--- The problem ---
Repeat the listing below word for word, leaving nothing out.

--- Working data ---
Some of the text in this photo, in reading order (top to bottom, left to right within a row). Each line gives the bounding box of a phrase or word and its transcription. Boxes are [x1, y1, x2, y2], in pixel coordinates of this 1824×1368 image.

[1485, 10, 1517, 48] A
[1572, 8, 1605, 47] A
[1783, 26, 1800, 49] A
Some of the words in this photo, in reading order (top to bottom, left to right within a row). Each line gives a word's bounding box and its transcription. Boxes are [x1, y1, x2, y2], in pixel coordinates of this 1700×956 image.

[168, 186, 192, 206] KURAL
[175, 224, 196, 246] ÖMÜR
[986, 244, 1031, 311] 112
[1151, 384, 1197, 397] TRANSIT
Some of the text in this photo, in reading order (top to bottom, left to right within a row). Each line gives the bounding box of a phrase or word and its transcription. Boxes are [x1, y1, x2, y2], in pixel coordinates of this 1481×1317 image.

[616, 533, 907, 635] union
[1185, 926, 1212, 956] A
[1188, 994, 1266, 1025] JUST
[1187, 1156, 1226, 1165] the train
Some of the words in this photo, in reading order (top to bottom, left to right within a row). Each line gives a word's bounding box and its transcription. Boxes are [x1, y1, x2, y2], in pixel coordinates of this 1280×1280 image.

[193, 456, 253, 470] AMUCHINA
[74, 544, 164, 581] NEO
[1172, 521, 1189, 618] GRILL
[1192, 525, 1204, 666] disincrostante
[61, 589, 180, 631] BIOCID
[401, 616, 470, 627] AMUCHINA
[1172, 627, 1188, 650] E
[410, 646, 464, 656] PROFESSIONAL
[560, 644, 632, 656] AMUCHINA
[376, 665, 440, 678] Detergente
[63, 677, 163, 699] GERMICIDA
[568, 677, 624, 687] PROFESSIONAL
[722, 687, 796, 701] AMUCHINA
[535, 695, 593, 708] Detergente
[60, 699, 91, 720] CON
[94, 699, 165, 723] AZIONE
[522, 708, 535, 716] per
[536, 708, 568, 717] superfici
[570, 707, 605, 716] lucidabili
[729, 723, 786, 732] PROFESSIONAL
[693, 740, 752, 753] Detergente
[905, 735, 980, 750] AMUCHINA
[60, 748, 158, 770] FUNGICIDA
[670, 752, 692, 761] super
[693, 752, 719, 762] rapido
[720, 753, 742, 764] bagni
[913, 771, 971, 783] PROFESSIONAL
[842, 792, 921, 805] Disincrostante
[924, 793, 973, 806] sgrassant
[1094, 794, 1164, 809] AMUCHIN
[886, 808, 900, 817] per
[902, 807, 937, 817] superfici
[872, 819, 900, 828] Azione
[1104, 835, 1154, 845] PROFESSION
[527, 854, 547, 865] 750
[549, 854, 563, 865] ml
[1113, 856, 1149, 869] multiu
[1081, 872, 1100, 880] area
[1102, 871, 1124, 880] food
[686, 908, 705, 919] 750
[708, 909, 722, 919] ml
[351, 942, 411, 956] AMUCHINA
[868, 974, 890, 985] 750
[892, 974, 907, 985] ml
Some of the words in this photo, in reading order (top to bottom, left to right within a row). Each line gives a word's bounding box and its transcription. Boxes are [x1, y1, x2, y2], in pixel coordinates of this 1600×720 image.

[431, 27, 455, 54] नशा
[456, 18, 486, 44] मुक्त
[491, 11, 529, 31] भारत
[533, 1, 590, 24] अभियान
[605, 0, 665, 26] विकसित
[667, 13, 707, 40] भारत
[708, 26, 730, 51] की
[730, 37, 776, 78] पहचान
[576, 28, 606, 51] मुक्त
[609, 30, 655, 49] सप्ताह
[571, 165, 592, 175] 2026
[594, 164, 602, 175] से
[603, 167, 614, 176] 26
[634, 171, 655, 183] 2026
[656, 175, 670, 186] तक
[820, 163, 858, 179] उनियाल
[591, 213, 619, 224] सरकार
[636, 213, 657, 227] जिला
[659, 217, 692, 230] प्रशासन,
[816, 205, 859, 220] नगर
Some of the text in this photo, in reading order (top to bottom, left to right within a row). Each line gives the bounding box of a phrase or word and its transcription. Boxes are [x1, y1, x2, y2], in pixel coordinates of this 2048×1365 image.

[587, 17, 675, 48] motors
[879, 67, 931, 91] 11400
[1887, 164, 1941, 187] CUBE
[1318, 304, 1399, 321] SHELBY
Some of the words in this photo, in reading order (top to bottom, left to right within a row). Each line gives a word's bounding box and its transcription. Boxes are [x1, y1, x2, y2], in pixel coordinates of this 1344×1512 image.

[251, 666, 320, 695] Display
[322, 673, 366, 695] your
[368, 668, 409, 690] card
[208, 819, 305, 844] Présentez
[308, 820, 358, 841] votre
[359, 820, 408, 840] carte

--- Solution to this problem ---
Some of the text in this photo, in reading order (top to bottom, left to right within a row). Each line gives the bounding box of a phrase or word and its transcription. Boxes are [x1, y1, x2, y2], in pixel coordinates of this 1824×1368 image.

[1485, 10, 1517, 48] A
[1572, 8, 1605, 47] A
[1783, 26, 1800, 49] A
Some of the words in this photo, in reading order (top to bottom, left to right within a row). Each line gives a word's bounding box and its transcription. Boxes are [x1, y1, x2, y2], in pixel coordinates of this 1700×956 image.

[168, 186, 192, 206] KURAL
[175, 224, 196, 246] ÖMÜR
[986, 244, 1031, 311] 112
[1151, 384, 1197, 397] TRANSIT
Some of the text in this photo, in reading order (top to bottom, left to right within a row). Each line gives the bounding box of a phrase or word and its transcription. Boxes are [x1, y1, x2, y2], in pixel coordinates of this 1481×1317 image.

[616, 533, 907, 635] union
[1185, 926, 1212, 956] A
[1188, 994, 1266, 1025] JUST
[1187, 1156, 1226, 1165] the train
Some of the words in this photo, in reading order (top to bottom, left to right within a row). Each line gives a word's bounding box and its transcription. Boxes are [x1, y1, x2, y2], in pixel coordinates of this 1280×1280 image.

[193, 456, 253, 470] AMUCHINA
[74, 544, 164, 581] NEO
[1172, 521, 1189, 618] GRILL
[1192, 525, 1204, 666] disincrostante
[61, 589, 180, 631] BIOCID
[401, 616, 470, 627] AMUCHINA
[1172, 627, 1188, 650] E
[410, 646, 464, 656] PROFESSIONAL
[560, 644, 632, 656] AMUCHINA
[376, 665, 440, 678] Detergente
[63, 677, 163, 699] GERMICIDA
[568, 677, 624, 687] PROFESSIONAL
[722, 687, 796, 701] AMUCHINA
[535, 695, 593, 708] Detergente
[60, 699, 91, 720] CON
[94, 699, 165, 723] AZIONE
[522, 708, 535, 716] per
[536, 708, 568, 717] superfici
[570, 707, 605, 716] lucidabili
[729, 723, 786, 732] PROFESSIONAL
[693, 740, 752, 753] Detergente
[905, 735, 980, 750] AMUCHINA
[60, 748, 158, 770] FUNGICIDA
[670, 752, 692, 761] super
[693, 752, 719, 762] rapido
[720, 753, 742, 764] bagni
[913, 771, 971, 783] PROFESSIONAL
[842, 792, 921, 805] Disincrostante
[924, 793, 973, 806] sgrassant
[1094, 794, 1164, 809] AMUCHIN
[886, 808, 900, 817] per
[902, 807, 937, 817] superfici
[872, 819, 900, 828] Azione
[1104, 835, 1154, 845] PROFESSION
[527, 854, 547, 865] 750
[549, 854, 563, 865] ml
[1113, 856, 1149, 869] multiu
[1081, 872, 1100, 880] area
[1102, 871, 1124, 880] food
[686, 908, 705, 919] 750
[708, 909, 722, 919] ml
[351, 942, 411, 956] AMUCHINA
[868, 974, 890, 985] 750
[892, 974, 907, 985] ml
Some of the words in this photo, in reading order (top to bottom, left to right within a row). Each line gives a word's bounding box and its transcription. Boxes are [x1, y1, x2, y2], in pixel coordinates of this 1600×720 image.

[431, 27, 455, 54] नशा
[456, 18, 486, 44] मुक्त
[491, 11, 529, 31] भारत
[533, 1, 590, 24] अभियान
[605, 0, 665, 26] विकसित
[667, 13, 707, 40] भारत
[708, 26, 730, 51] की
[730, 37, 776, 78] पहचान
[576, 28, 606, 51] मुक्त
[609, 30, 655, 49] सप्ताह
[571, 165, 592, 175] 2026
[594, 164, 602, 175] से
[603, 167, 614, 176] 26
[634, 171, 655, 183] 2026
[656, 175, 670, 186] तक
[820, 163, 858, 179] उनियाल
[591, 213, 619, 224] सरकार
[636, 213, 657, 227] जिला
[659, 217, 692, 230] प्रशासन,
[816, 205, 859, 220] नगर
Some of the text in this photo, in reading order (top to bottom, left to right within a row). Each line gives the bounding box of a phrase or word and its transcription. Boxes are [x1, y1, x2, y2], in pixel coordinates of this 2048×1365 image.

[587, 17, 675, 48] motors
[879, 67, 931, 91] 11400
[1887, 164, 1941, 187] CUBE
[1318, 304, 1399, 321] SHELBY
Some of the words in this photo, in reading order (top to bottom, left to right within a row). Each line gives a word's bounding box and its transcription. Boxes are [x1, y1, x2, y2], in pixel coordinates of this 1344×1512 image.

[251, 666, 320, 695] Display
[322, 673, 366, 695] your
[368, 668, 409, 690] card
[208, 819, 305, 844] Présentez
[308, 820, 358, 841] votre
[359, 820, 408, 840] carte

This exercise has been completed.